- Work request
Below are records with pictures in them; print them exactly, omitting the pictures.

:: The data

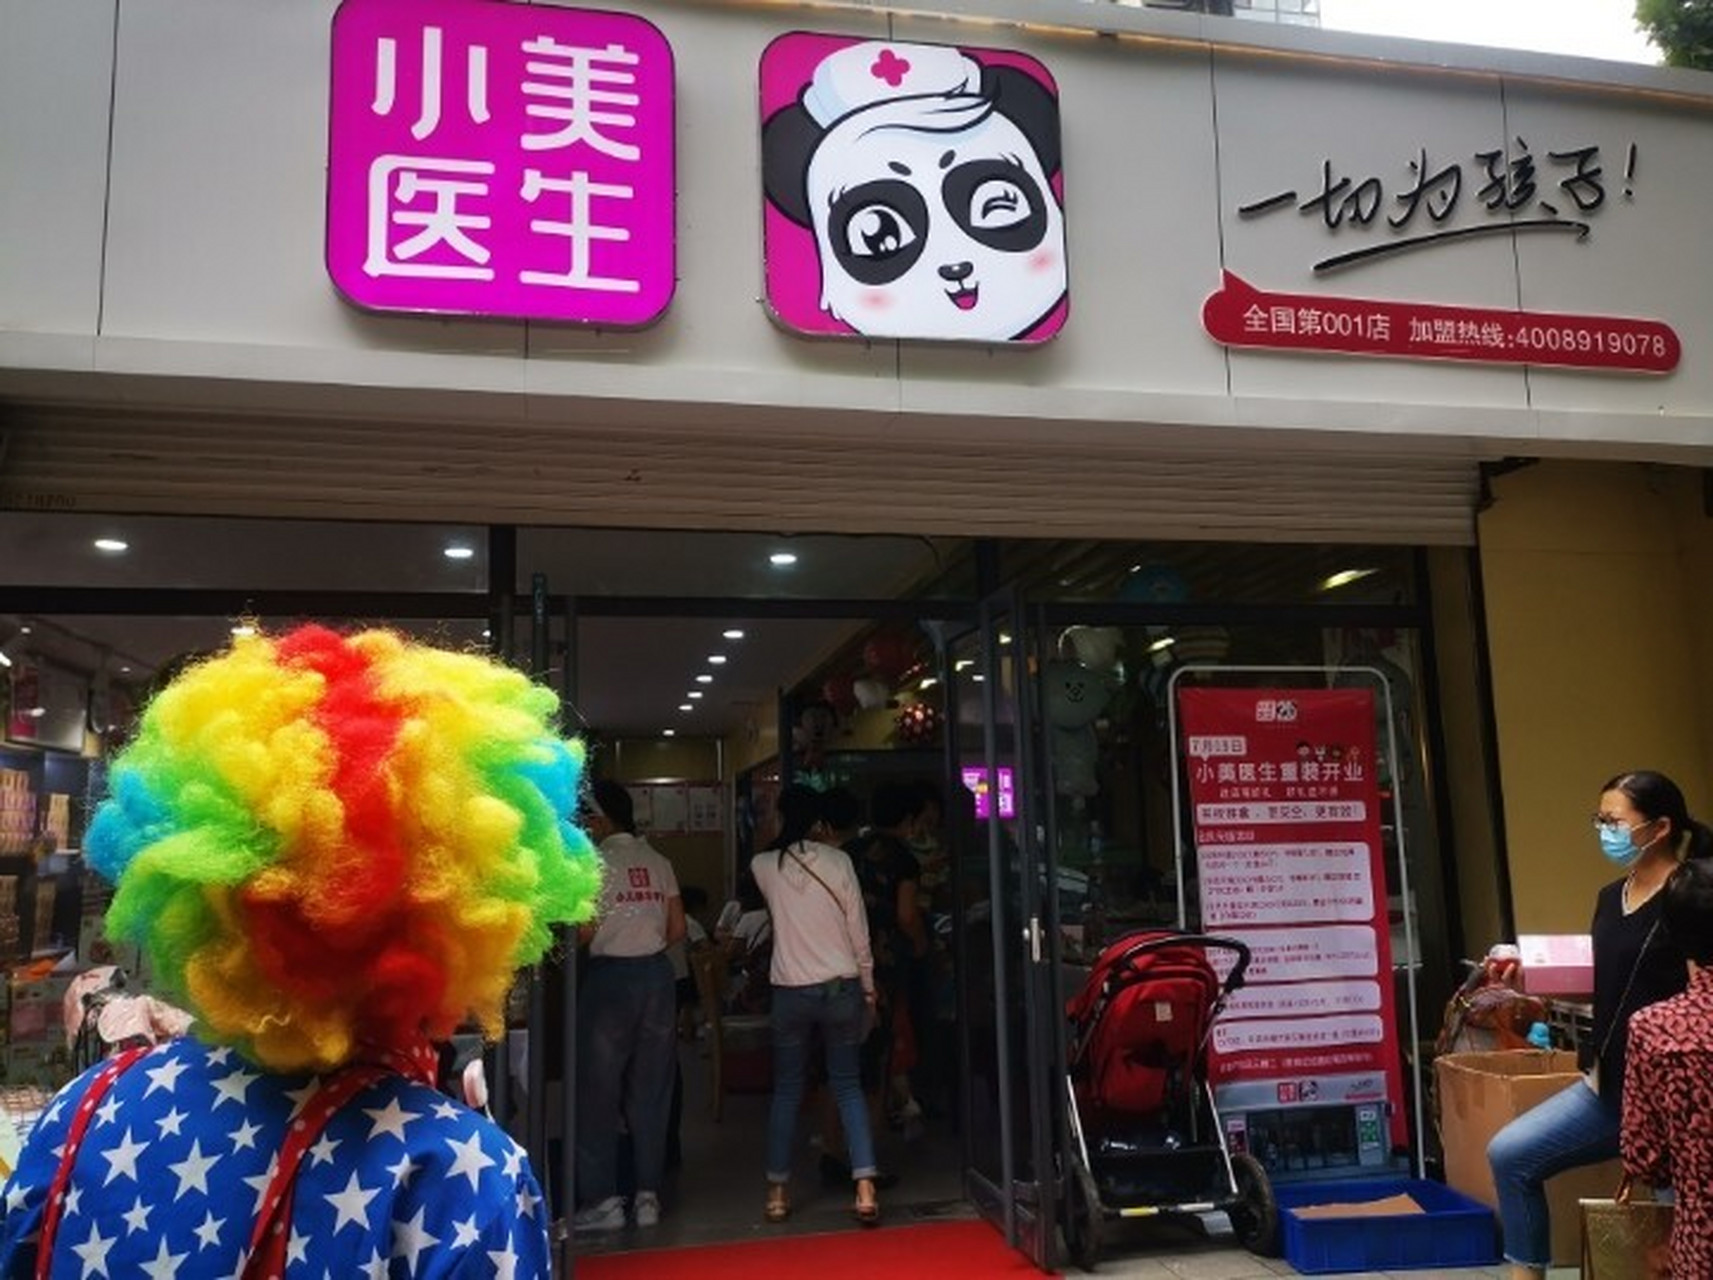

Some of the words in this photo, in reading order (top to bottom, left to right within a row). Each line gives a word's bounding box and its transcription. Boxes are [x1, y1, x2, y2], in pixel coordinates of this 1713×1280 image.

[371, 26, 641, 161] 小美
[362, 154, 641, 293] 医生
[1242, 303, 1391, 342] 全国第001店
[1408, 315, 1667, 358] 加盟热线:4008919078
[1195, 761, 1364, 785] 小美医生重装开业
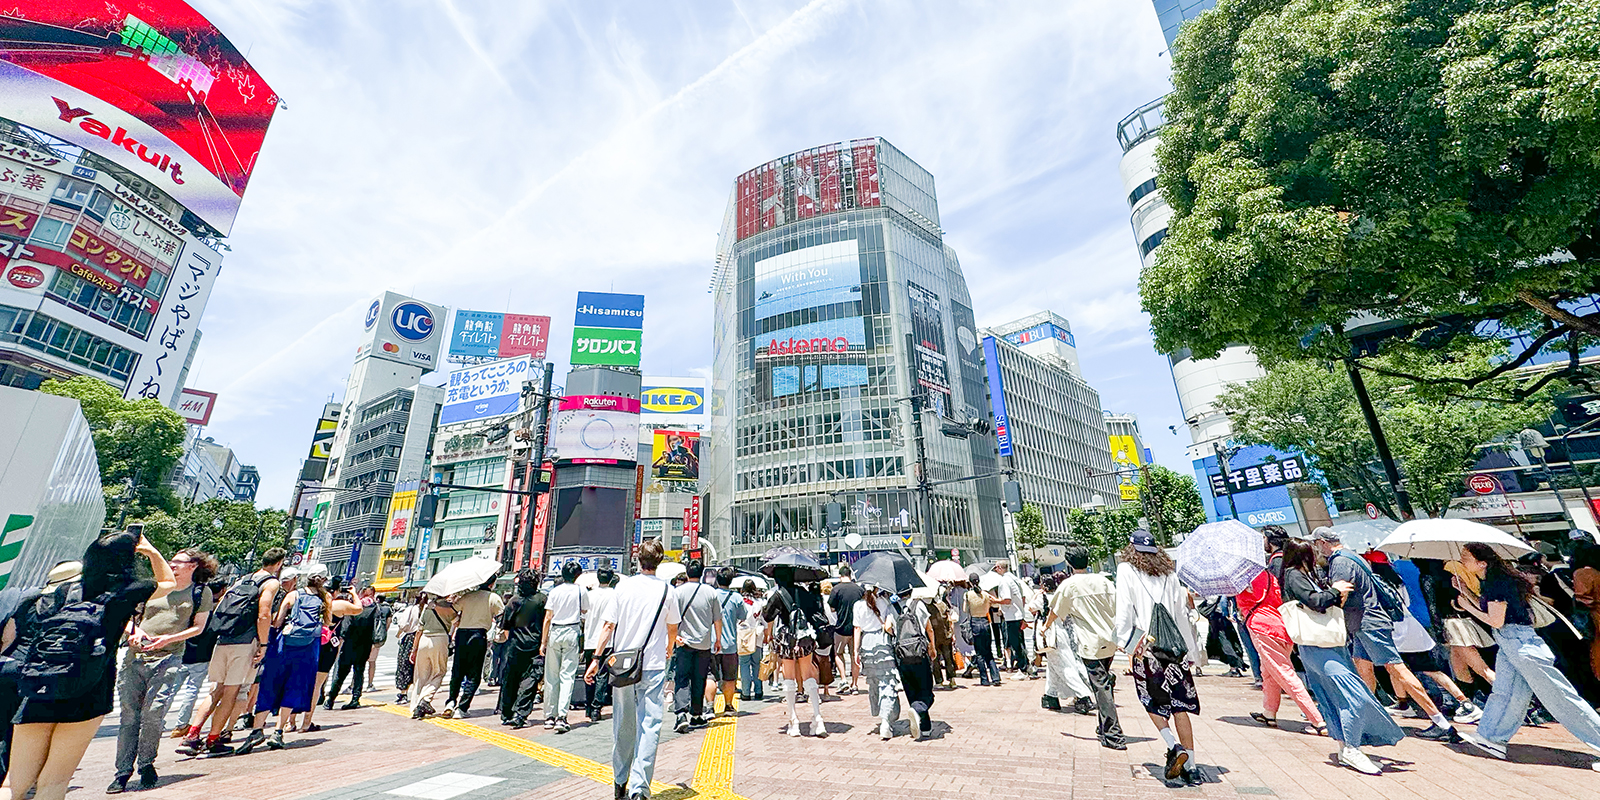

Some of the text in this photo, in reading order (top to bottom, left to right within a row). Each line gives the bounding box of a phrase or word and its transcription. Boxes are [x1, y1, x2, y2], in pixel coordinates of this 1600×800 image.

[51, 95, 186, 186] Yakult
[114, 183, 187, 236] しゃぶしゃぶバイキング
[132, 220, 177, 256] しゃぶ葉
[69, 229, 147, 280] コンタクト
[11, 273, 40, 284] ガスト
[781, 271, 806, 285] With
[808, 268, 828, 279] You
[117, 286, 152, 310] ガスト
[577, 305, 643, 318] Hisamitsu
[138, 251, 211, 400] 『マジやばくね
[395, 308, 434, 334] UC
[464, 319, 494, 333] 龍角散
[512, 323, 542, 335] 龍角散
[576, 338, 637, 355] サロンパス
[768, 336, 849, 356] Astemo
[412, 350, 432, 362] VISA
[449, 360, 527, 388] 観るってこころの
[446, 379, 510, 403] 充電というか。
[583, 397, 617, 407] Rakuten
[641, 394, 699, 406] IKEA
[995, 414, 1011, 456] SEIBU
[1213, 459, 1303, 492] 三千里薬品
[889, 517, 900, 527] 7F
[1257, 511, 1287, 524] STARTS
[751, 529, 827, 543] STARBUCKS
[1144, 537, 1150, 545] S
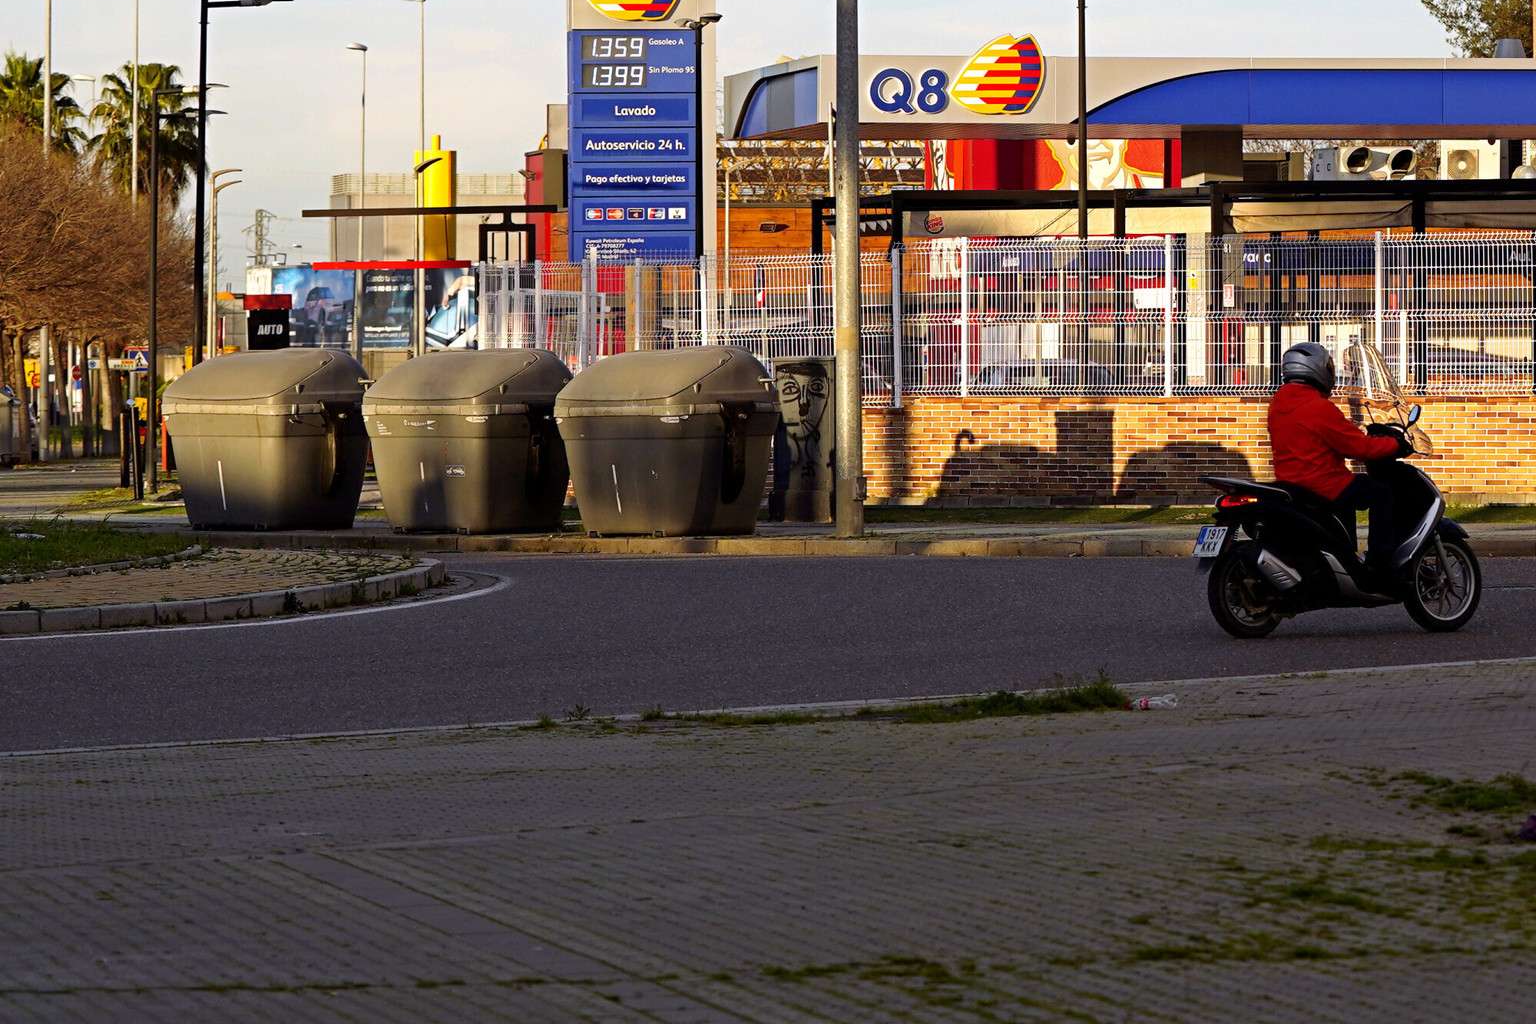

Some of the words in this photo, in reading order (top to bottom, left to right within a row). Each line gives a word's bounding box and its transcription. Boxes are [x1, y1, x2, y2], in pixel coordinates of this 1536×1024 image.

[648, 38, 677, 46] Gasoleo
[592, 38, 643, 58] 1.359
[648, 66, 660, 74] Sin
[661, 66, 683, 74] Plomo
[592, 66, 643, 86] 1.399
[870, 68, 946, 114] Q8
[614, 105, 656, 116] Lavado
[585, 140, 655, 151] Autoservicio
[658, 140, 672, 150] 24
[675, 139, 686, 150] h.
[585, 175, 607, 185] Pago
[609, 174, 643, 183] efectivo
[645, 176, 651, 184] y
[652, 175, 686, 184] tarjetas
[258, 324, 283, 335] AUTO
[1207, 529, 1226, 539] 1917

::::

- Response area
Some of the words in this photo, in reading order (top to bottom, left to right within a row). Each line gives a word's bounding box and its transcription. Boxes are [x1, y1, x2, y2], in pixel coordinates of this 1713×1280 image.

[371, 26, 641, 161] 小美
[362, 154, 641, 293] 医生
[1242, 303, 1391, 342] 全国第001店
[1408, 315, 1667, 358] 加盟热线:4008919078
[1195, 761, 1364, 785] 小美医生重装开业

Some of the text in this photo, in reading order (top to bottom, left to right within a row). Each line gives the bounding box of a phrase or word and its transcription. Boxes are [x1, y1, x2, y2], in pixel coordinates of this 1600×800 image.

[51, 95, 186, 186] Yakult
[114, 183, 187, 236] しゃぶしゃぶバイキング
[132, 220, 177, 256] しゃぶ葉
[69, 229, 147, 280] コンタクト
[11, 273, 40, 284] ガスト
[781, 271, 806, 285] With
[808, 268, 828, 279] You
[117, 286, 152, 310] ガスト
[577, 305, 643, 318] Hisamitsu
[138, 251, 211, 400] 『マジやばくね
[395, 308, 434, 334] UC
[464, 319, 494, 333] 龍角散
[512, 323, 542, 335] 龍角散
[576, 338, 637, 355] サロンパス
[768, 336, 849, 356] Astemo
[412, 350, 432, 362] VISA
[449, 360, 527, 388] 観るってこころの
[446, 379, 510, 403] 充電というか。
[583, 397, 617, 407] Rakuten
[641, 394, 699, 406] IKEA
[995, 414, 1011, 456] SEIBU
[1213, 459, 1303, 492] 三千里薬品
[889, 517, 900, 527] 7F
[1257, 511, 1287, 524] STARTS
[751, 529, 827, 543] STARBUCKS
[1144, 537, 1150, 545] S

Some of the words in this photo, in reading order (top to bottom, left to right within a row). Each line gives a word's bounding box and its transcription. Boxes are [x1, y1, x2, y2], in pixel coordinates of this 1536×1024 image.

[648, 38, 677, 46] Gasoleo
[592, 38, 643, 58] 1.359
[648, 66, 660, 74] Sin
[661, 66, 683, 74] Plomo
[592, 66, 643, 86] 1.399
[870, 68, 946, 114] Q8
[614, 105, 656, 116] Lavado
[585, 140, 655, 151] Autoservicio
[658, 140, 672, 150] 24
[675, 139, 686, 150] h.
[585, 175, 607, 185] Pago
[609, 174, 643, 183] efectivo
[645, 176, 651, 184] y
[652, 175, 686, 184] tarjetas
[258, 324, 283, 335] AUTO
[1207, 529, 1226, 539] 1917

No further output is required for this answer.